13Netflix Challenge—Improving Movie Recommendations

Vasu Goel

Computer Science and Engineering, SRM University, Delhi-NCR Campus, India

Abstract

This analysis is based on the challenge that Netflix offered to the data science community. The challenge was to improve Netflix’s movie recommendation system by 10% [9]. The objective of this analysis is to train multiple machine learning models using inputs from one data set to predict movie ratings in another data set.

Keywords: Movie effect model, user effect model, residual mean square error (RMSE), naive approach, predicted rating, regularization

13.1 Introduction

The Netflix movie rating scheme uses a rating range from 0 to 5. The data set from which the two sets mentioned previously will be created can be found using the following link: http://files.grouplens.org/datasets/movielens/ml-10m.zip.
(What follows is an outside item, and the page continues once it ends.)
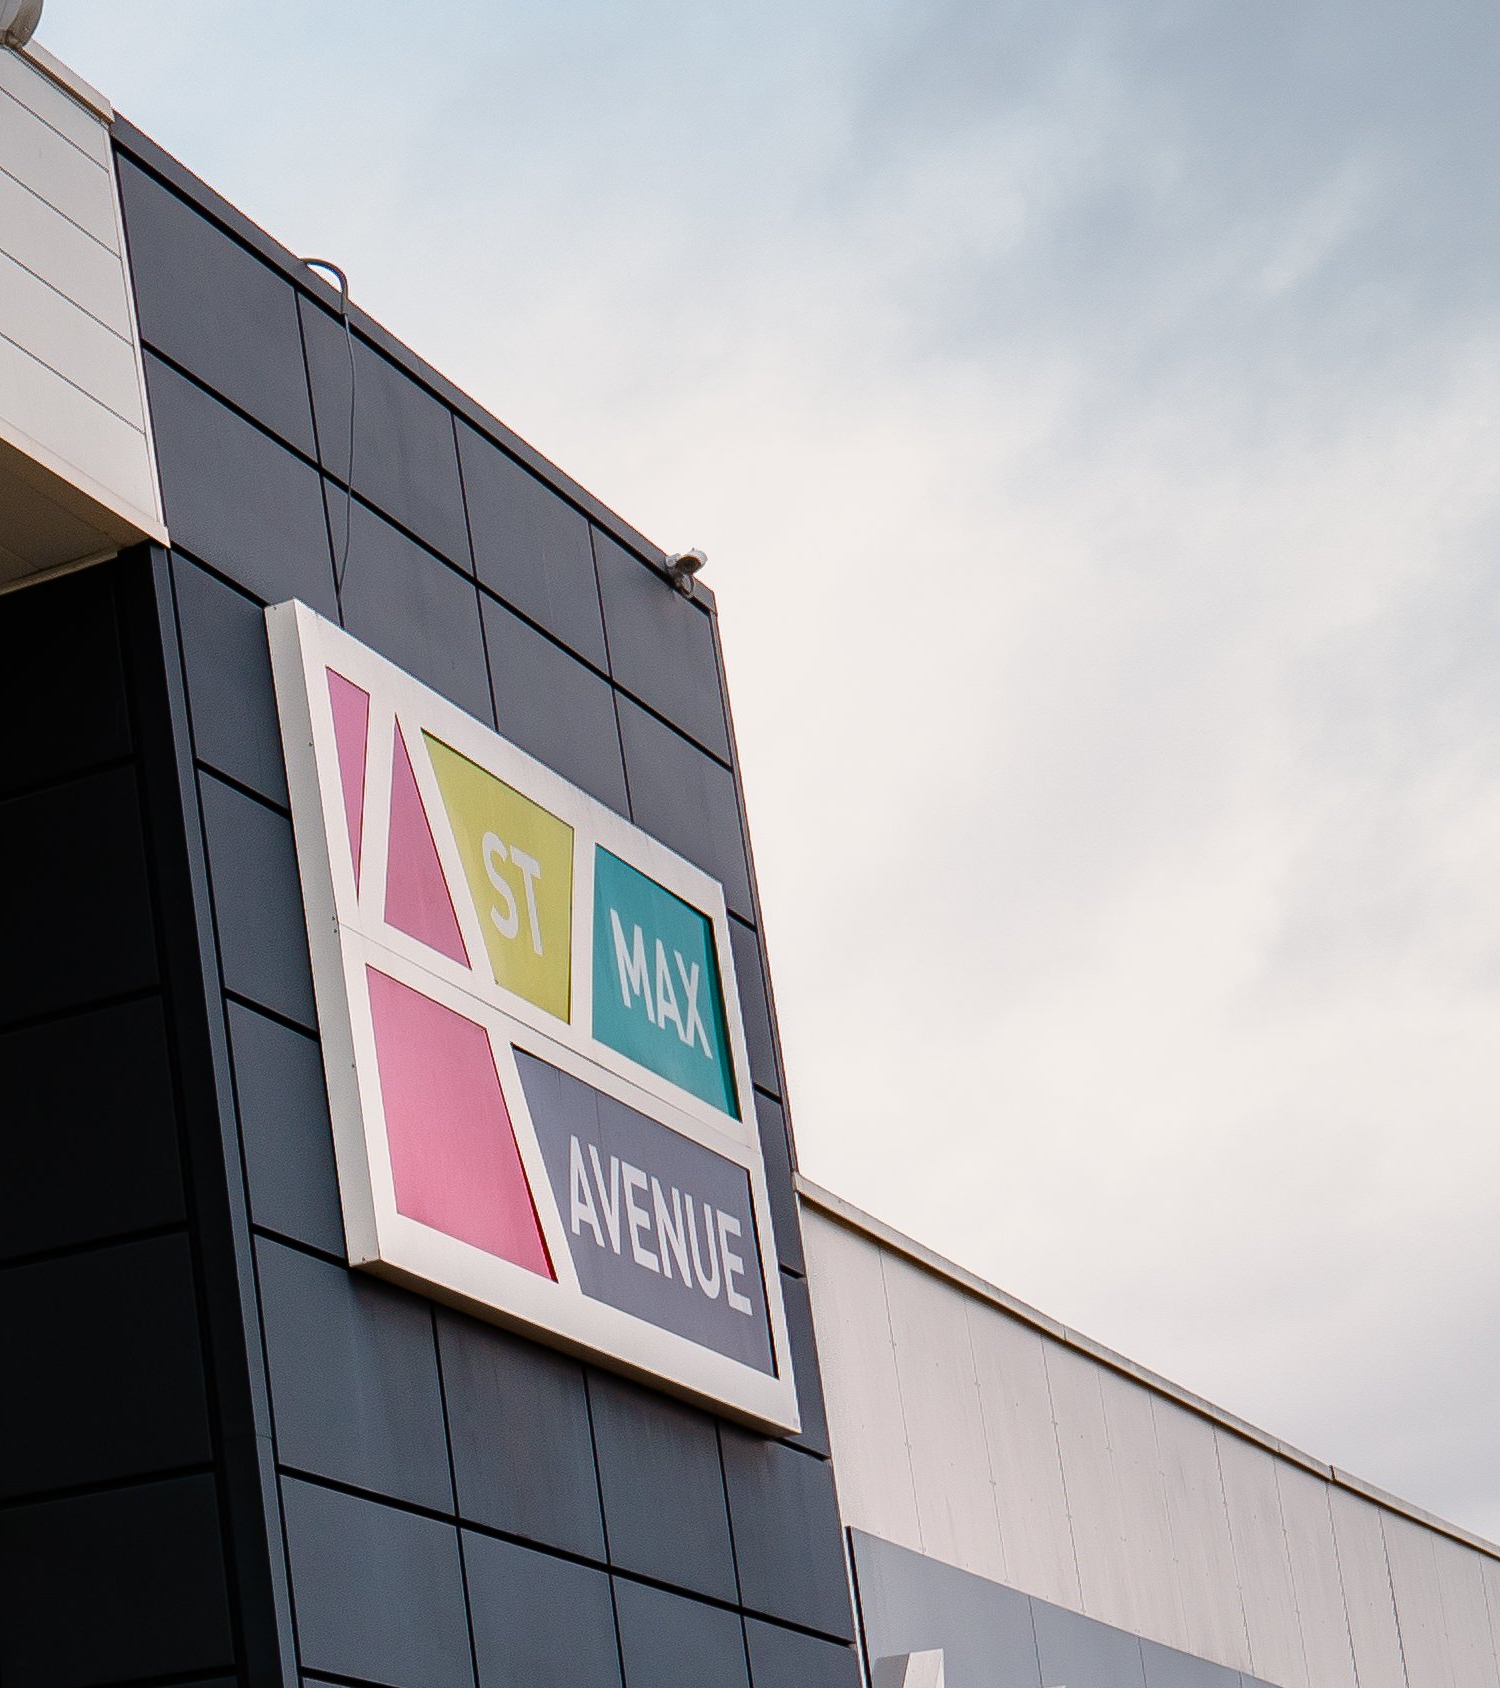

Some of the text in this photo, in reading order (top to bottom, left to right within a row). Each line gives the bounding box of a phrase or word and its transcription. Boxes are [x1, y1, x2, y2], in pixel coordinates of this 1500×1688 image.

[481, 831, 713, 1060] ST MAX
[569, 1135, 754, 1318] AVENUE
Recommendation systems use ratings that users have given items to make specific recommendations [13]. Companies that sell many products to many customers and permit these customers to rate their products, like Amazon, are able to collect massive datasets that can be used to predict what rating a particular user will give a specific item. Items for which a high rating is predicted for a given user are then recommended to that user. Netflix uses a recommendation system to predict how many stars a user will give a specific movie. Based on the predictions, the movie with the highest predicted rating for a user is then recommended to the user. ...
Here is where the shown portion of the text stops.